[Stored items from a collection]:
———

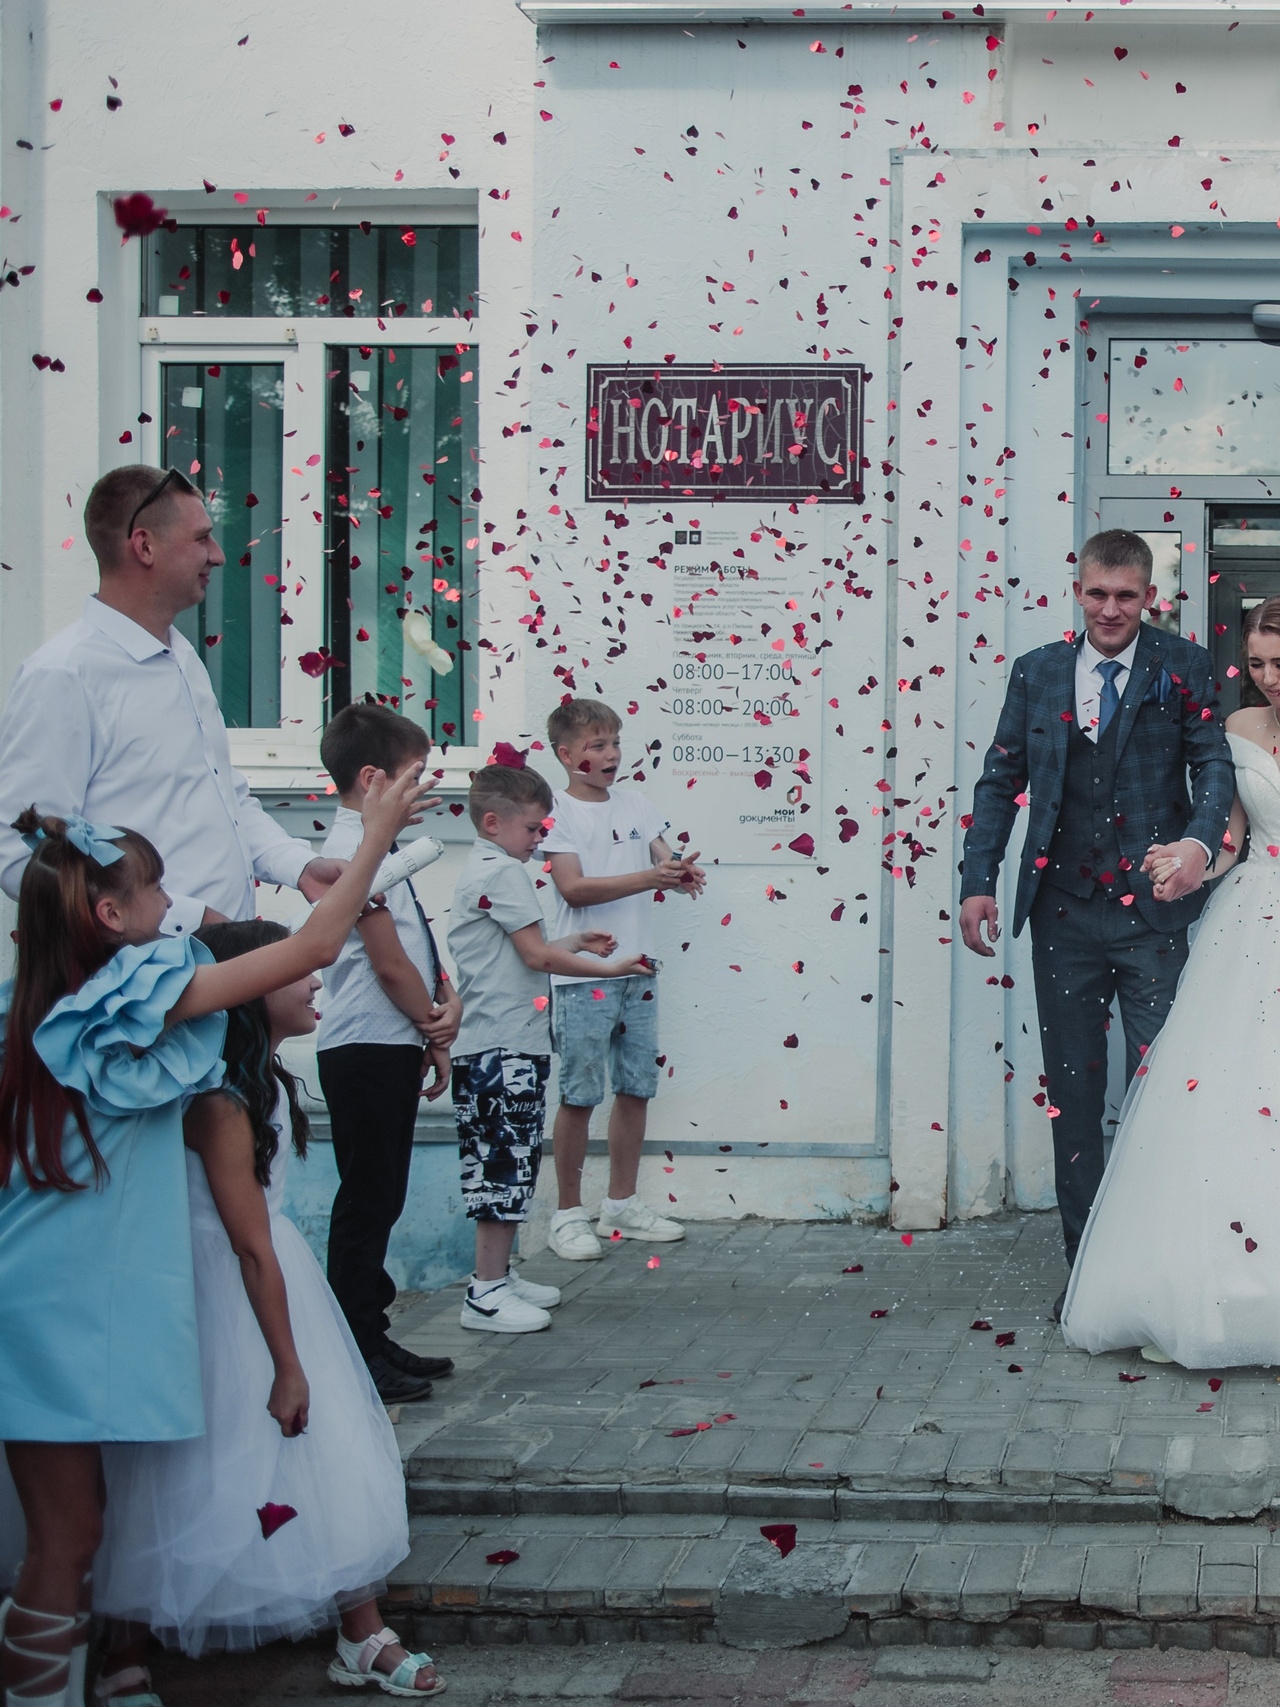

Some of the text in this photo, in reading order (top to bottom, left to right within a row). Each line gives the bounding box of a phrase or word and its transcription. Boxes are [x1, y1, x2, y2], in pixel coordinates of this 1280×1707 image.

[609, 394, 841, 465] НОТАРИУС
[674, 564, 709, 574] РЕЖИМ
[726, 652, 759, 660] вторник,
[760, 652, 784, 660] среда,
[672, 686, 703, 695] Четверг
[672, 732, 702, 742] Суббота
[739, 815, 795, 825] документы
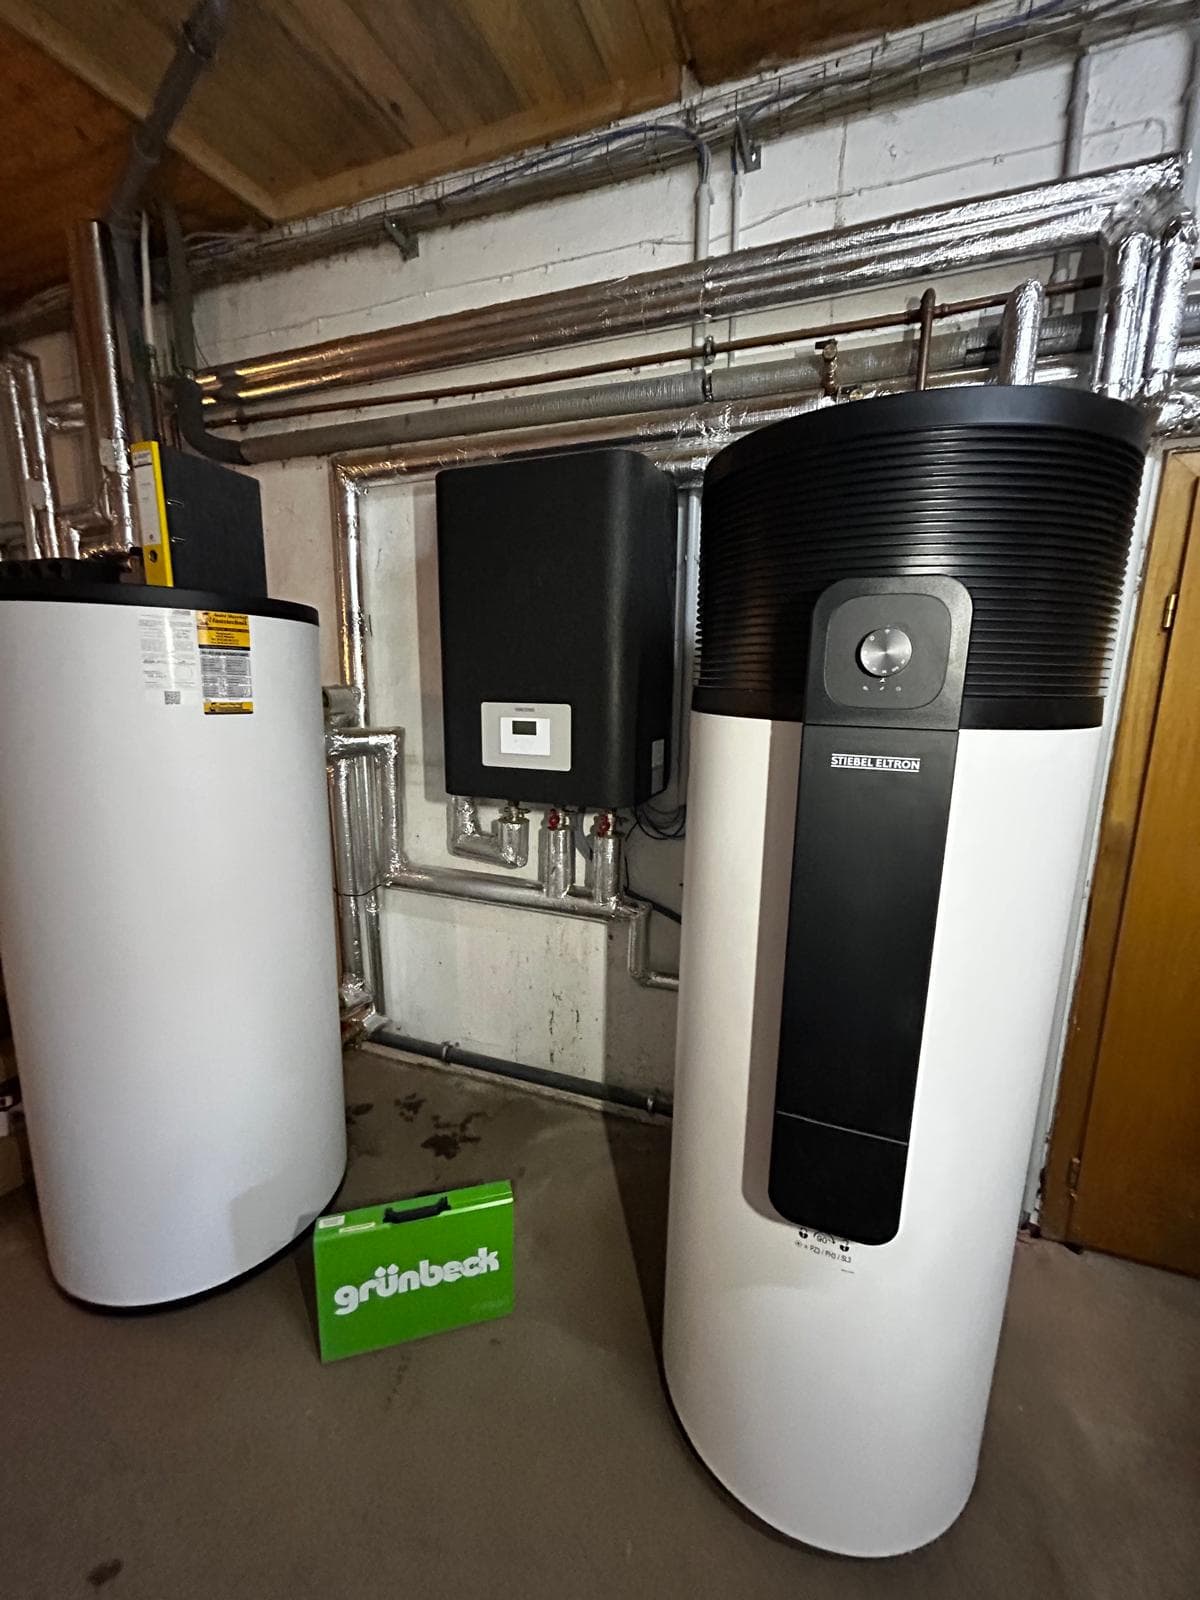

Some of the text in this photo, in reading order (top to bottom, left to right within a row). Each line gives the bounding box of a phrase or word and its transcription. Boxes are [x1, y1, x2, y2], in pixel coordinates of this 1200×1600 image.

[831, 756, 920, 770] STIEBEL ELTRON
[333, 1246, 500, 1316] grünbeck

———

[ABOUT THIS EXERCISE]:
Your task is a word-for-word transcription of the entries, leaving out all pictures.

[WRITTEN RESPONSE]:
Some of the text in this photo, in reading order (top to bottom, left to right within a row). Each line gives the bounding box of a phrase or word and its transcription. Boxes are [x1, y1, x2, y2], in pixel coordinates of this 1280×1707 image.

[609, 394, 841, 465] НОТАРИУС
[674, 564, 709, 574] РЕЖИМ
[726, 652, 759, 660] вторник,
[760, 652, 784, 660] среда,
[672, 686, 703, 695] Четверг
[672, 732, 702, 742] Суббота
[739, 815, 795, 825] документы

Some of the text in this photo, in reading order (top to bottom, left to right within a row). Each line gives the bounding box of a phrase or word and its transcription. Boxes are [x1, y1, x2, y2], in pixel coordinates of this 1200×1600 image.

[831, 756, 920, 770] STIEBEL ELTRON
[333, 1246, 500, 1316] grünbeck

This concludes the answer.